» DATA FOR THE TASK
::::::::::

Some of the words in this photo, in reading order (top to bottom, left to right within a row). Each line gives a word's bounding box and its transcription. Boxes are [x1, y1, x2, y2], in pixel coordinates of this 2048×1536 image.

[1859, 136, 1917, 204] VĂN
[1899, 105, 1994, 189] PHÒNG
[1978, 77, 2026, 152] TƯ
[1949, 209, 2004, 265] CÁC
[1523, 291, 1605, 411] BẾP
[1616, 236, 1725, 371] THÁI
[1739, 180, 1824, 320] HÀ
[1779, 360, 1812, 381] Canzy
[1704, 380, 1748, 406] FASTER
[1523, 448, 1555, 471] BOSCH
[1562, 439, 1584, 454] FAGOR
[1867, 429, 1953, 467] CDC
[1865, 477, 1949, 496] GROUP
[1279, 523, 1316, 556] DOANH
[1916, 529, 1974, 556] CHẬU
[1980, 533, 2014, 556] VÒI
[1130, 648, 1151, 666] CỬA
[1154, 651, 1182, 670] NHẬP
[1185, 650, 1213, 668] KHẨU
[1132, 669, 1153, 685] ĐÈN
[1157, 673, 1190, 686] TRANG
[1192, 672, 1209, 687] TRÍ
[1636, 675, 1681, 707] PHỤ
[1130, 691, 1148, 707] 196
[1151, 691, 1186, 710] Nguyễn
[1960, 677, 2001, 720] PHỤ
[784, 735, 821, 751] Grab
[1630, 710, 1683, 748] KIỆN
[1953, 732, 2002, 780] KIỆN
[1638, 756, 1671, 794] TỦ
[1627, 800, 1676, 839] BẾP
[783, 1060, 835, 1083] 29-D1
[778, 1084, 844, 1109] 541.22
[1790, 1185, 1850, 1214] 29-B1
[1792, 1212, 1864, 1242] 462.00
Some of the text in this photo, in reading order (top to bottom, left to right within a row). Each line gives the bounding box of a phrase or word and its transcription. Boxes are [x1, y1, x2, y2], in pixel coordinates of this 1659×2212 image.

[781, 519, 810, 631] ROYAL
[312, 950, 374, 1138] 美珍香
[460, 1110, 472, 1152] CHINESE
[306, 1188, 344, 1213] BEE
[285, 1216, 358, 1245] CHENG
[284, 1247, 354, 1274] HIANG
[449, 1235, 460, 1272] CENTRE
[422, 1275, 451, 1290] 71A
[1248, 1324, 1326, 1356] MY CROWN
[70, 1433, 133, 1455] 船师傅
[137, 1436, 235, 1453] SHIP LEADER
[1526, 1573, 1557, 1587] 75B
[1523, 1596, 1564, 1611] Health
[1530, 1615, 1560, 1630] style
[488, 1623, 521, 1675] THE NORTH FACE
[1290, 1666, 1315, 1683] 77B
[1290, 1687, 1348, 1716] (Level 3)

::::::::::

Restate word for word the lines running from the line that holds "Some of the text" to the final line of the entries.

Some of the text in this photo, in reading order (top to bottom, left to right within a row). Each line gives the bounding box of a phrase or word and its transcription. Boxes are [x1, y1, x2, y2], in pixel coordinates of this 1659×2212 image.

[781, 519, 810, 631] ROYAL
[312, 950, 374, 1138] 美珍香
[460, 1110, 472, 1152] CHINESE
[306, 1188, 344, 1213] BEE
[285, 1216, 358, 1245] CHENG
[284, 1247, 354, 1274] HIANG
[449, 1235, 460, 1272] CENTRE
[422, 1275, 451, 1290] 71A
[1248, 1324, 1326, 1356] MY CROWN
[70, 1433, 133, 1455] 船师傅
[137, 1436, 235, 1453] SHIP LEADER
[1526, 1573, 1557, 1587] 75B
[1523, 1596, 1564, 1611] Health
[1530, 1615, 1560, 1630] style
[488, 1623, 521, 1675] THE NORTH FACE
[1290, 1666, 1315, 1683] 77B
[1290, 1687, 1348, 1716] (Level 3)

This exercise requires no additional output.